What is needed is an exact transcription of every record.

Source records
*** Begin section ***
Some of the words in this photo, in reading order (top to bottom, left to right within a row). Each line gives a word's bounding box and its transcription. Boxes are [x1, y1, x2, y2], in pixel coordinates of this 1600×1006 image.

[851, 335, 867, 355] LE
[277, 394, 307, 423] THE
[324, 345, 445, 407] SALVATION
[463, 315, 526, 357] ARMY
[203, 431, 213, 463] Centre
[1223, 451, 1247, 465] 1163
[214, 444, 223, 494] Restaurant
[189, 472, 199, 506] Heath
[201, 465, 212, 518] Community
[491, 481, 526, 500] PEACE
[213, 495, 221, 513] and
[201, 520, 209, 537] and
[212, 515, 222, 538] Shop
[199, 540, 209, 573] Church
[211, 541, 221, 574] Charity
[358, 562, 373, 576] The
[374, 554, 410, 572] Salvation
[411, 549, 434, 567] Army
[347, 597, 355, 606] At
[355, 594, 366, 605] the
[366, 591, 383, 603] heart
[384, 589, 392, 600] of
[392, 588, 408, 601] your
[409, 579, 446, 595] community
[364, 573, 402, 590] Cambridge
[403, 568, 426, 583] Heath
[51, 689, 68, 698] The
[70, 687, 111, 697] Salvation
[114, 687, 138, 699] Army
*** End section ***
- _The completed task_
Some of the words in this photo, in reading order (top to bottom, left to right within a row). Each line gives a word's bounding box and its transcription. Boxes are [x1, y1, x2, y2], in pixel coordinates of this 1600×1006 image.

[851, 335, 867, 355] LE
[277, 394, 307, 423] THE
[324, 345, 445, 407] SALVATION
[463, 315, 526, 357] ARMY
[203, 431, 213, 463] Centre
[1223, 451, 1247, 465] 1163
[214, 444, 223, 494] Restaurant
[189, 472, 199, 506] Heath
[201, 465, 212, 518] Community
[491, 481, 526, 500] PEACE
[213, 495, 221, 513] and
[201, 520, 209, 537] and
[212, 515, 222, 538] Shop
[199, 540, 209, 573] Church
[211, 541, 221, 574] Charity
[358, 562, 373, 576] The
[374, 554, 410, 572] Salvation
[411, 549, 434, 567] Army
[347, 597, 355, 606] At
[355, 594, 366, 605] the
[366, 591, 383, 603] heart
[384, 589, 392, 600] of
[392, 588, 408, 601] your
[409, 579, 446, 595] community
[364, 573, 402, 590] Cambridge
[403, 568, 426, 583] Heath
[51, 689, 68, 698] The
[70, 687, 111, 697] Salvation
[114, 687, 138, 699] Army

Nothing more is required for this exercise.